[Exercise data Boundary: Start]
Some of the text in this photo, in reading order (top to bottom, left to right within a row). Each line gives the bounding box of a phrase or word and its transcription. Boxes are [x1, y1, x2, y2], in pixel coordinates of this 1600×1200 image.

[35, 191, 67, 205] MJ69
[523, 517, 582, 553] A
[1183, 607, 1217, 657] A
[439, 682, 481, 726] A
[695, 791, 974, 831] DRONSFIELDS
[Exercise data Boundary: End]
## Exercise description
The task calls for each record to be returned verbatim.

## Output for this exercise
Some of the text in this photo, in reading order (top to bottom, left to right within a row). Each line gives the bounding box of a phrase or word and its transcription. Boxes are [x1, y1, x2, y2], in pixel coordinates of this 1600×1200 image.

[35, 191, 67, 205] MJ69
[523, 517, 582, 553] A
[1183, 607, 1217, 657] A
[439, 682, 481, 726] A
[695, 791, 974, 831] DRONSFIELDS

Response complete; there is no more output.